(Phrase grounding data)
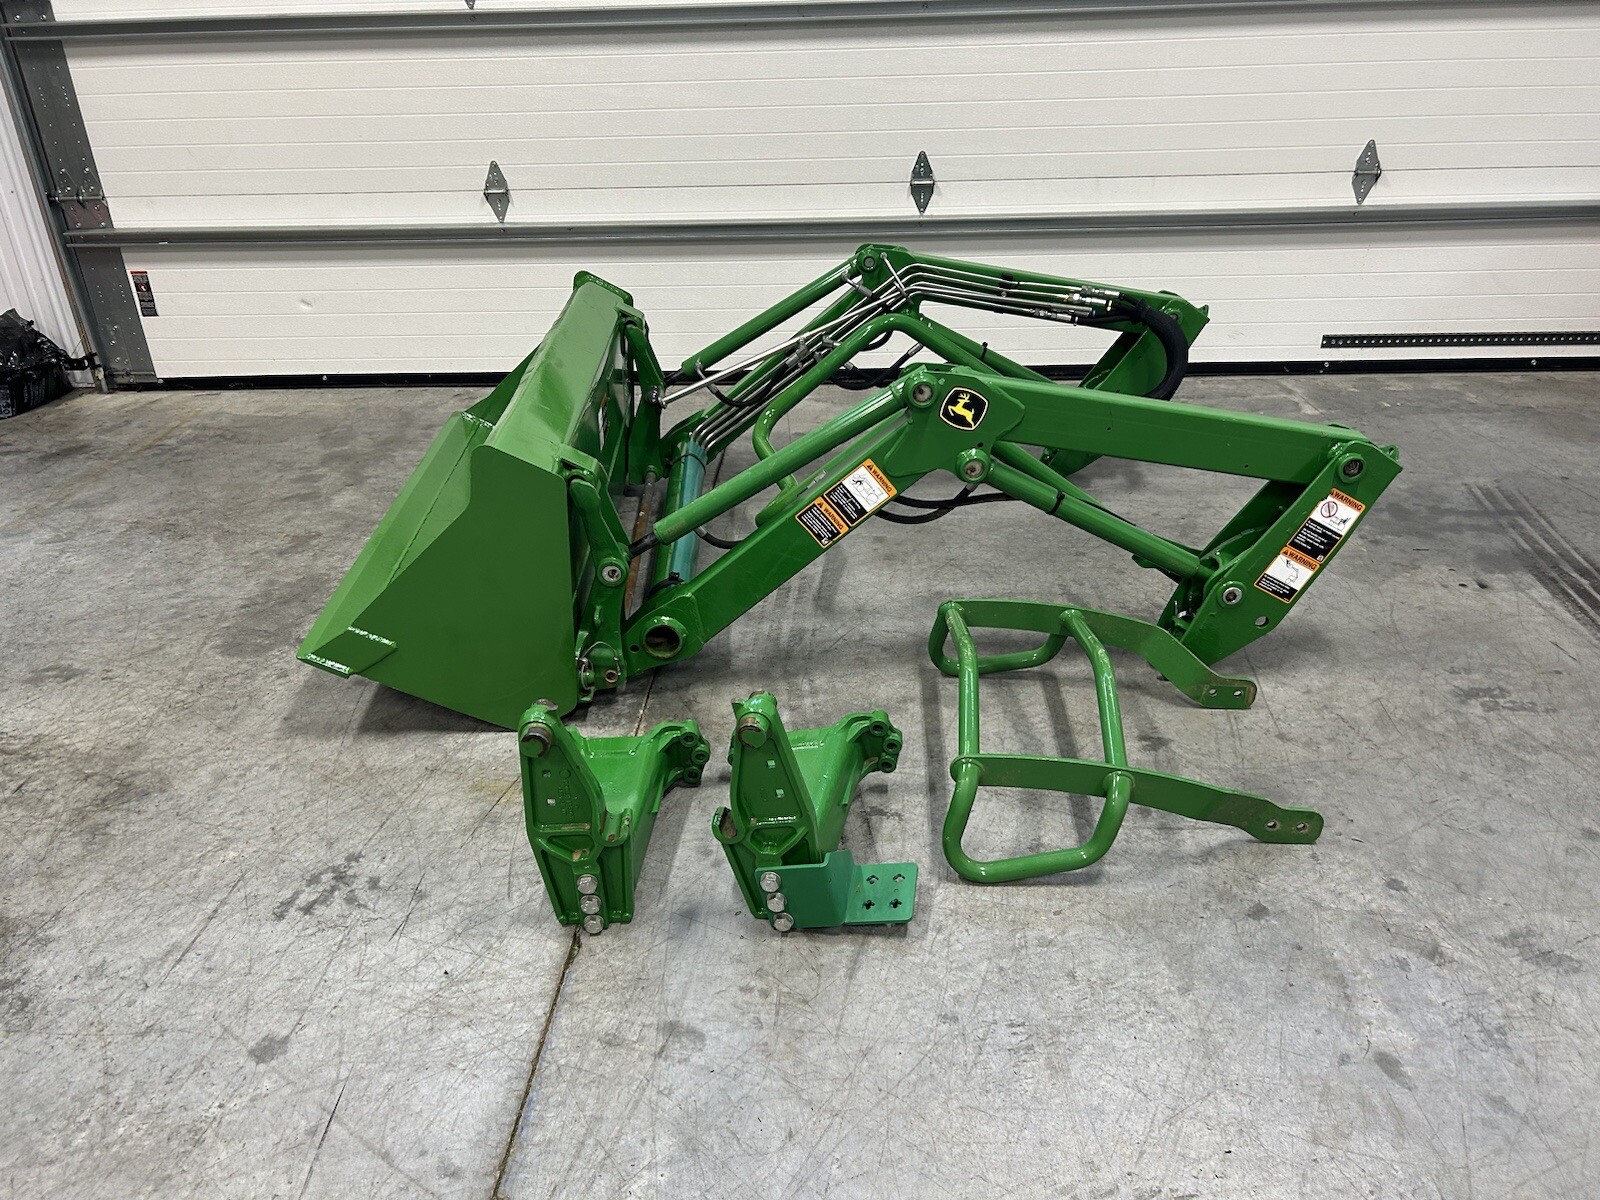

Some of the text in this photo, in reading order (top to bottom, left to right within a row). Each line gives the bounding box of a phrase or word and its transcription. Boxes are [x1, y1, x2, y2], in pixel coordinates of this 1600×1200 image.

[870, 468, 892, 493] WARNING
[1333, 489, 1363, 511] WARNING
[823, 507, 844, 530] WARNING
[1288, 550, 1317, 571] WARNING
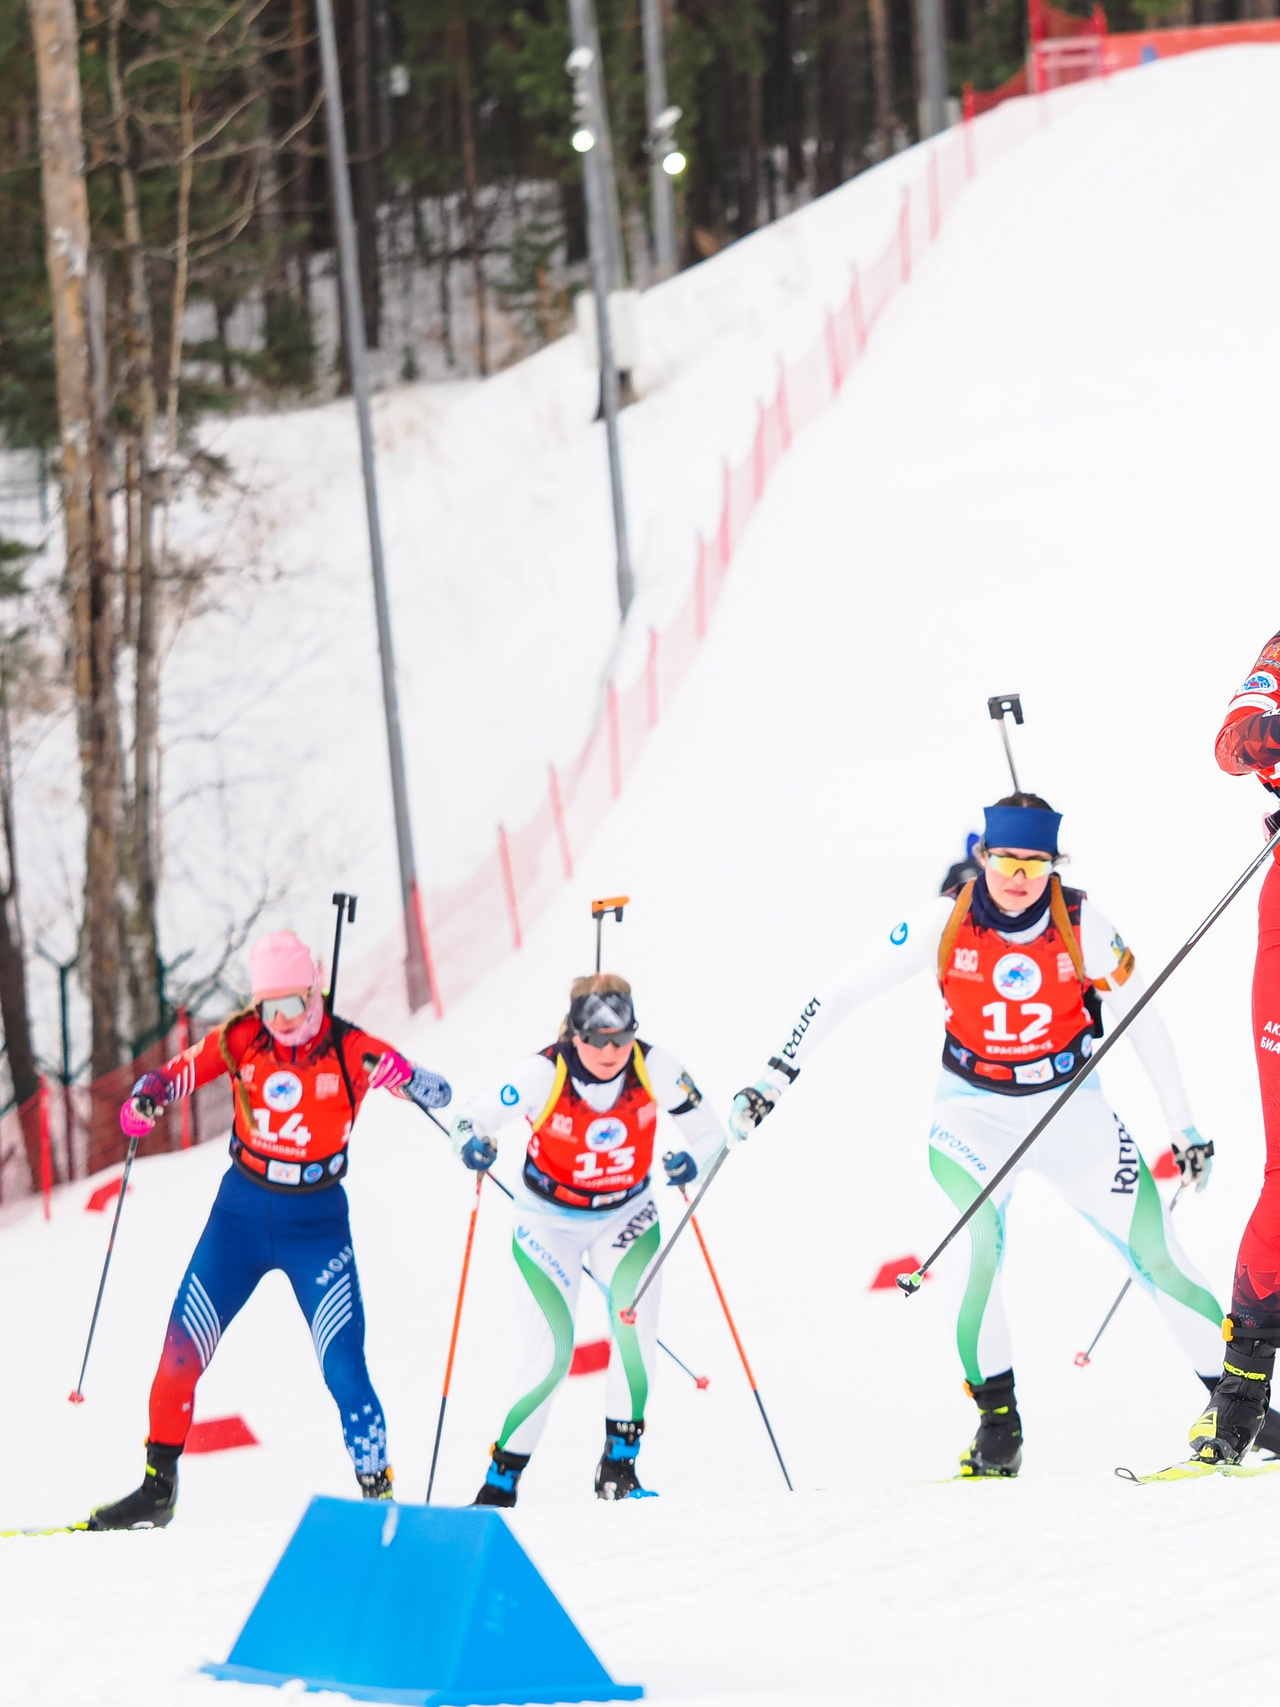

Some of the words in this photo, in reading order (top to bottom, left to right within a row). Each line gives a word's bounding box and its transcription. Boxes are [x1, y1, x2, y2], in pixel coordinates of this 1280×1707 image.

[982, 1001, 1052, 1044] 12
[250, 1108, 312, 1147] 14
[573, 1146, 636, 1180] 13
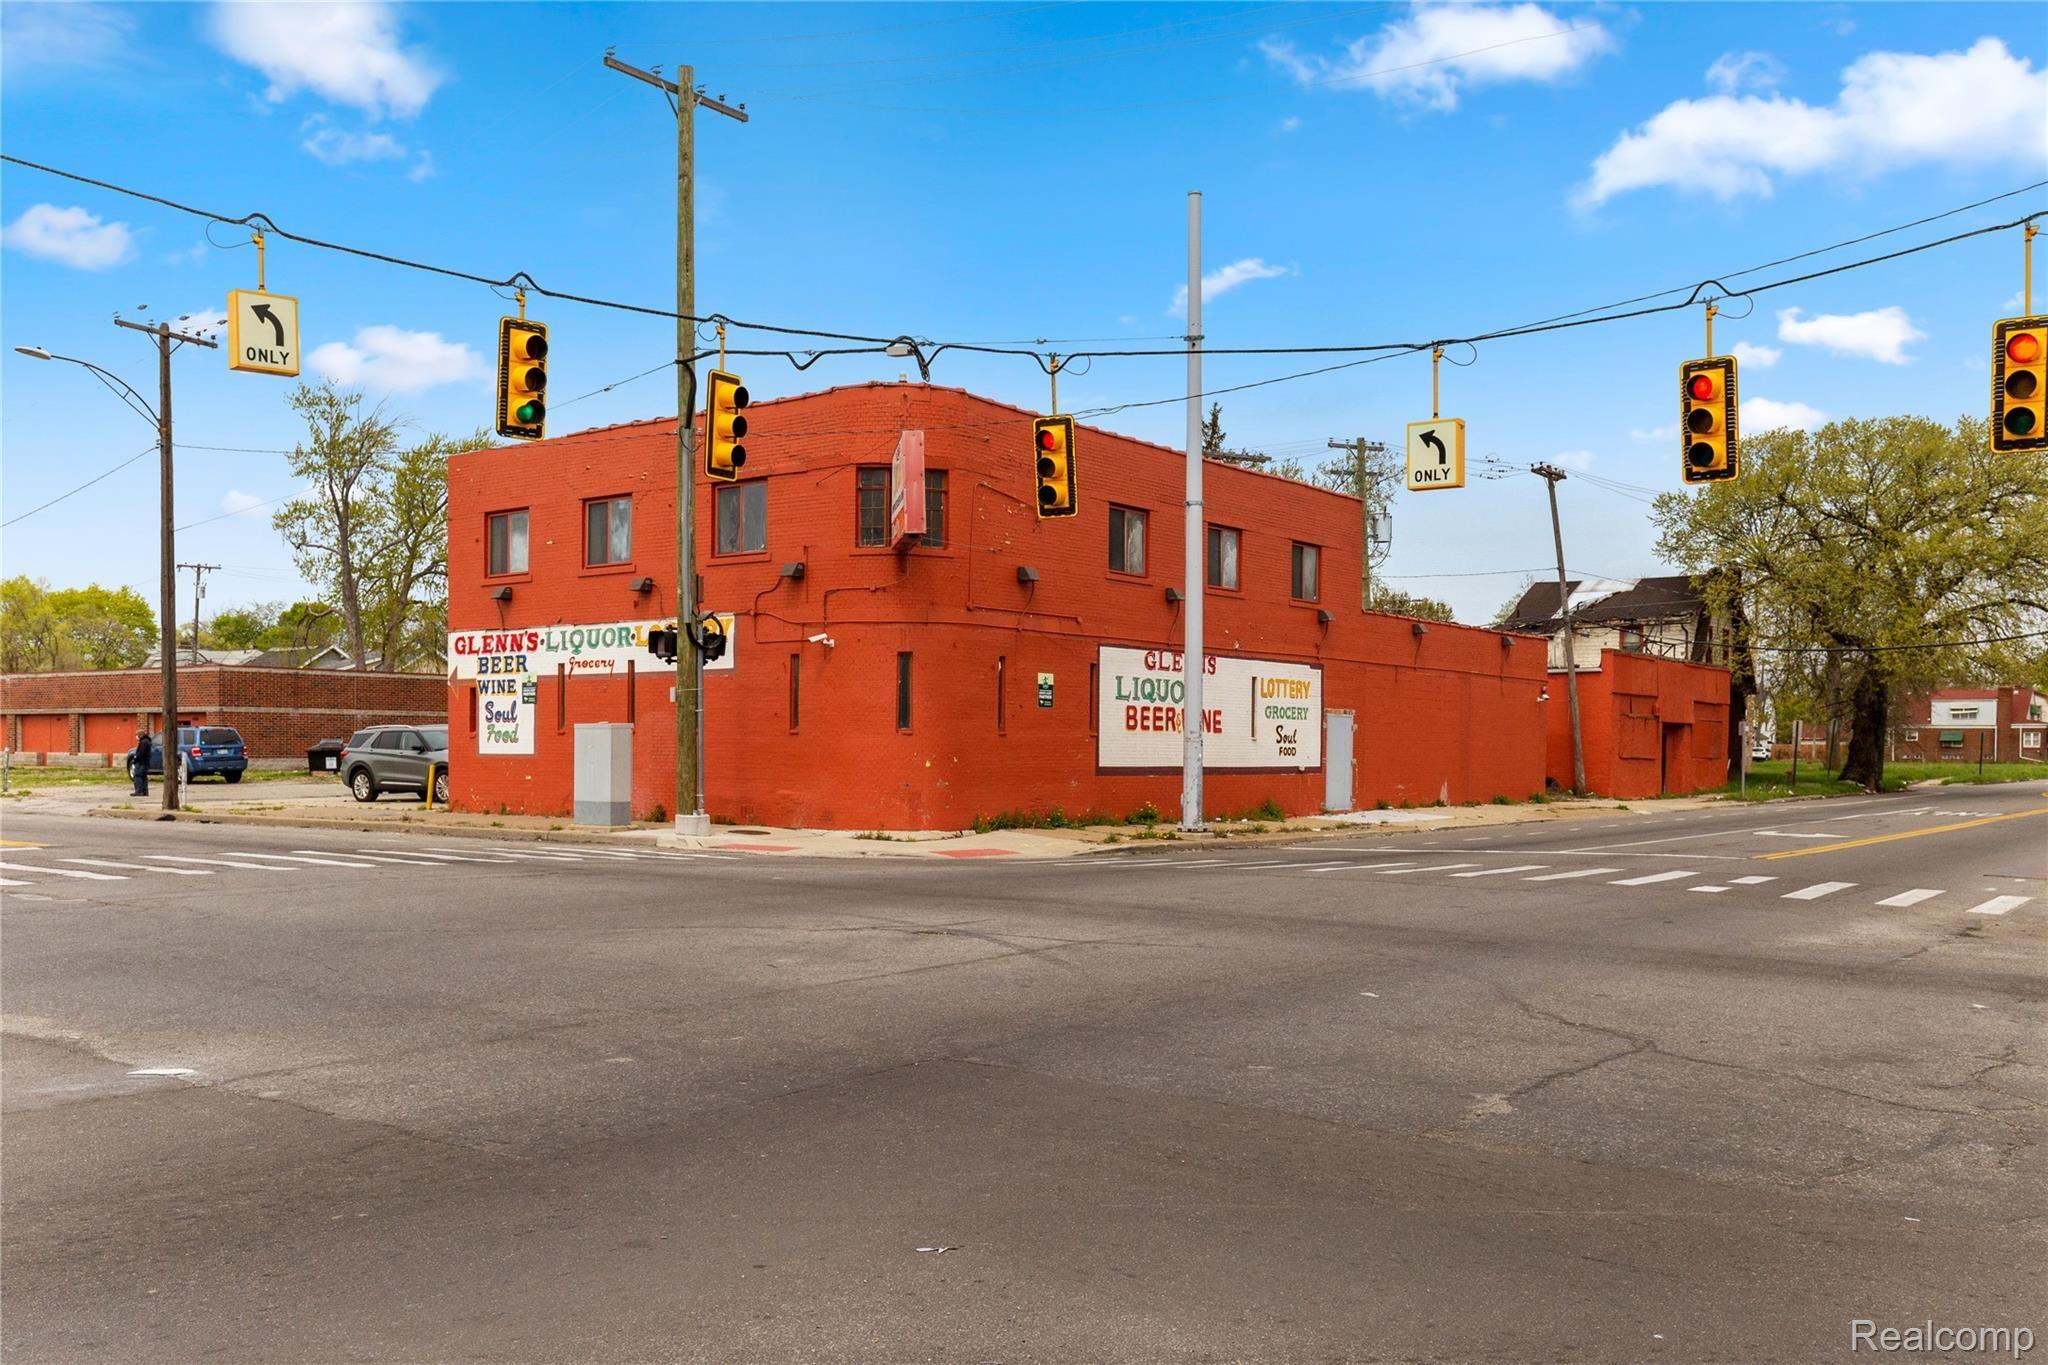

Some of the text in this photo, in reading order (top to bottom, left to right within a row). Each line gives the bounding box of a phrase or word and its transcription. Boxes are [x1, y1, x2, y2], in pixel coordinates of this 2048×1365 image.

[246, 346, 290, 365] ONLY
[1414, 467, 1450, 482] ONLY
[454, 630, 538, 656] GLENN'S
[545, 626, 632, 655] LIQUOR
[478, 655, 528, 674] BEER
[477, 679, 517, 694] WINE
[1260, 677, 1311, 699] LOTTERY
[485, 701, 517, 723] Soul
[1126, 705, 1176, 733] BEER
[1264, 706, 1309, 720] GROCERY
[486, 723, 519, 744] Food
[1275, 725, 1297, 744] Soul
[1278, 746, 1297, 757] FOOD

What is needed: Print the records above exactly, minus pictures.

Result of this task:
Some of the text in this photo, in reading order (top to bottom, left to right within a row). Each line gives the bounding box of a phrase or word and its transcription. Boxes are [x1, y1, x2, y2], in pixel coordinates of this 1600×1200 image.

[870, 468, 892, 493] WARNING
[1333, 489, 1363, 511] WARNING
[823, 507, 844, 530] WARNING
[1288, 550, 1317, 571] WARNING

Some of the words in this photo, in reading order (top to bottom, left to right within a row). Each line gives a word's bounding box and its transcription. Boxes are [x1, y1, x2, y2], in pixel coordinates of this 1280×1707 image.

[982, 1001, 1052, 1044] 12
[250, 1108, 312, 1147] 14
[573, 1146, 636, 1180] 13

Some of the text in this photo, in reading order (top to bottom, left to right within a row). Each line gives the bounding box of a phrase or word and its transcription. Boxes are [x1, y1, x2, y2], in pixel coordinates of this 2048×1365 image.

[246, 346, 290, 365] ONLY
[1414, 467, 1450, 482] ONLY
[454, 630, 538, 656] GLENN'S
[545, 626, 632, 655] LIQUOR
[478, 655, 528, 674] BEER
[477, 679, 517, 694] WINE
[1260, 677, 1311, 699] LOTTERY
[485, 701, 517, 723] Soul
[1126, 705, 1176, 733] BEER
[1264, 706, 1309, 720] GROCERY
[486, 723, 519, 744] Food
[1275, 725, 1297, 744] Soul
[1278, 746, 1297, 757] FOOD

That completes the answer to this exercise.